This article makes two important contributions to the extant literature on the EU’s role in global governance. First, in line with other contributions in this collection, it advances our understanding of the external dimension of EU actorness. In this regard, Bretherton and Vogler (Citation2013, 378) emphasize presence, capabilities, and opportunity as key aspects of actorness, with the latter referring to the ‘the external context of ideas and events that enable or constrain action.’ However, as others have argued (Conceição-Heldt and Meunier Citation2014, 964), this is a pretty broad and vague definition that is difficult to operationalize empirically. In turn, Conceição-Heldt and Meunier (Citation2014), underscore the importance of internal cohesiveness (defined as a combination of cohesion, consistency and coherence) and external recognition for actorness, but this, too, remains rather general and underspecified We build on these studies to clarify the role of the EU in global investment governance

Second, the governance literature on the EU’s investment policy is still embryonic, with several notable blind spots. Several studies examine the circumstances that led to the transfer of competence from member states to the EU in 2009 (Meunier Citation2017; Reinisch Citation2014; Titi Citation2015) or the struggle over investment policy within the EU in the aftermath of this transfer (Basedow Citation2021), but overlook its implications for and interaction with the global investment regime. Two studies, Meunier (Citation2014) and Meunier and Morin (Citation2017), engage more directly with the notion of EU actorness and the influence of its investment policies on global rules and practices. Nevertheless, their analysis is wanting in precision and does not offer a systematic comparison of IIAs’ content of the EU, its member states, and other key actors involved in the global investment regime. By using a standardized metric to compare and analyze the degree of regulatory space in IIAs and by exploring the role of the EU in multilateral negotiations over investment rules, we shed new light on the consequences of the EU’s newly acquired competencies for the global investment regime and for its position within this increasingly important policy domain. Moreover, these studies mostly preceded the multilateral UNCITRAL process and therefore do not address it. The few studies of the UNCITRAL process (Roberts Citation2018; Roberts and St. John Citation2022) do not focus on the EU as such – but are more concerned with UNCITRAL as a global governance environment and observations on the engagement of the full range of actors with it, including the EU.
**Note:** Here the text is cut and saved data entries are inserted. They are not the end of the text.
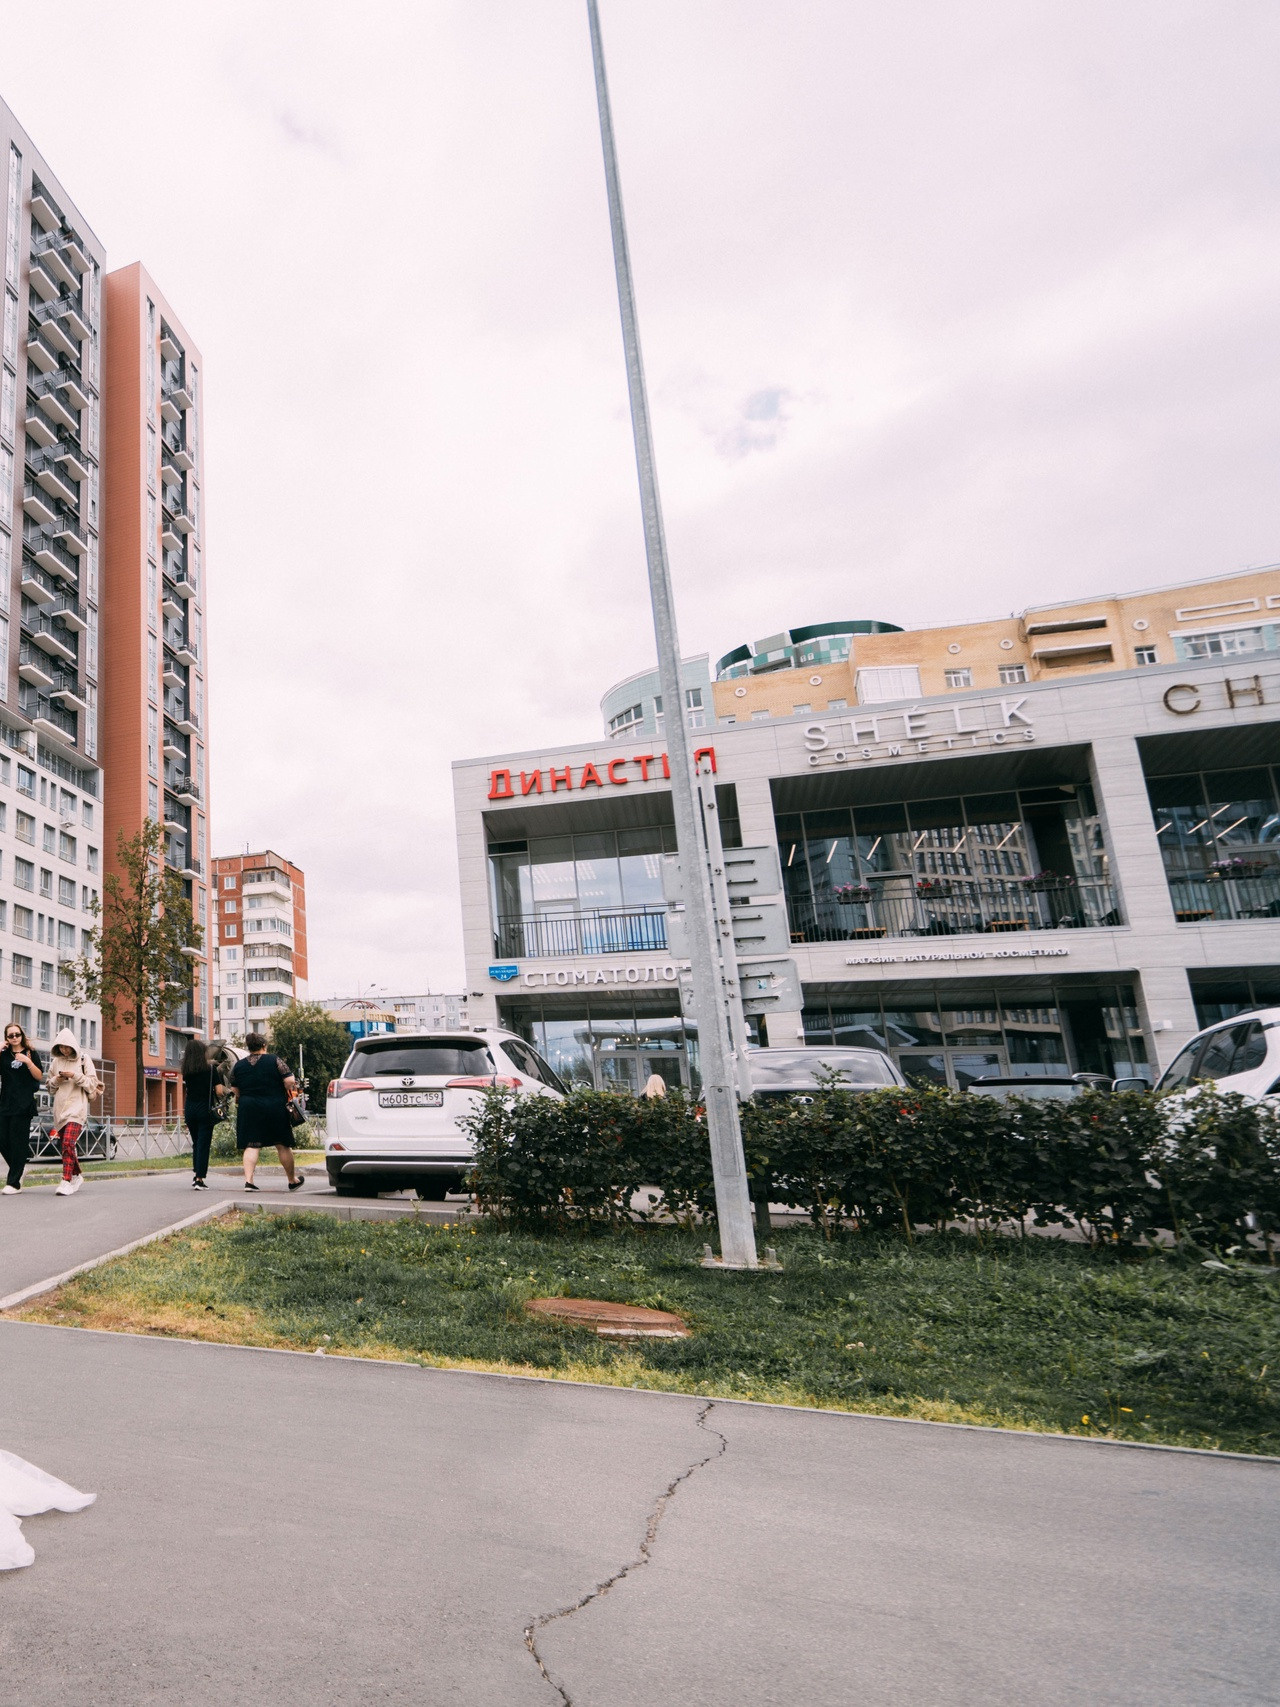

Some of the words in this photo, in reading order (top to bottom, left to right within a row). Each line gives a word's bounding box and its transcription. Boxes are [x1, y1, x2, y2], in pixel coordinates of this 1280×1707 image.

[808, 729, 1036, 766] COSMETICS
[845, 956, 897, 965] МАГАЗИН
[904, 951, 986, 962] НАТУРАЛЬНОЙ
[993, 948, 1071, 958] КОСМЕТИКИ
[523, 965, 691, 987] СТОМАТОЛО
[424, 1093, 439, 1101] 159
Overall, our assessment is that the EU has in recent years gained significant actorness in the field, though not without resistance, both intra- and extra-EU; these are the ‘growing pains’ of actorness.

European investment policies through the prism of state regulatory space

In this section, we inquire into the ways by which the IIA policies of member states and the EU have evolved and how they are compared with those of non-European states. Going beyond most, if not all, current analyses of European investment policies, we engage in a systematic comparison of IIA content across time and space, utilizing the concept of SRS, defined above. This allows us to draw conclusions about EU actorness and its ability to affect the global investment regime. We begin with a brief discussion of our conceptual and methodological approach to investigating variations in the content of IIAs. We then turn to member states’ IIAs before the 2000s, and demonstrate that they are heterogeneous. Next, we examine the IIA policies of the EU and member states in more recent years and compare them to those of other countries. This analysis points to greater, but far from complete, cohesiveness of European investment policies. Given a more constraining global opportunity structure, these developments increase the ability of the EU to affect global investment policies to some extent.

We conceptualize SRS as a continuum rather than a binary attribute of an investment agreement. At one extreme, states have much flexibility to pursue policies they see fit, thus insulated from external pressure. At the other extreme, governments have little room to maneuver, highly constrained by foreign investors’ ability to challenge policies under IIAs and ISDS. To measure SRS, we utilize UNCTAD’s IIA Mapping Project,Footnote1 examining the most important substantive and procedural provisions of IIAs, and coding them on inclusion or exclusion of various elements. This raw coding was transformed in selected categories into measures that indicate, in our estimation, more or less SRS, classified into 91 separate indicators subsumed under 42 categories, which in turn are grouped under eight broader dimensions of IIAs, central to SRS. We then standardized the measure such that each IIA ranges from low to high SRS, with zero indicating minimum SRS and one indicating maximum SRS (as afforded by the IIAs).

in the Appendix lists all the categories and dimensions included in our SRS measure. A detailed exposition of this measure, its logic, and components is available elsewhere (Broude, Haftel, and Thompson Citation2017; Thompson, Broude, and Haftel Citation2019). By way of illustration, most IIA preambles state that the main goals of the treaty are to promote foreign investment and protect foreign investors. Some, but not all IIAs, attempt to balance investor protection with other goals, such as the right to regulate, sustainable development and environmental investment aspects. The more these objectives are mentioned, the higher the SRS score in this dimension. Similarly, most IIAs include a most favored nation (MFN) clause, but some exclude it within the context of regional organization, taxation, or procedural rules. The more such exceptions appear, the greater the state’s SRS. Regarding ISDS provisions, if included, SRS increases with more exceptions, limitations, and conditions that restrict foreign investors' ability to utilize it (Broude, Haftel, and Thompson Citation2022).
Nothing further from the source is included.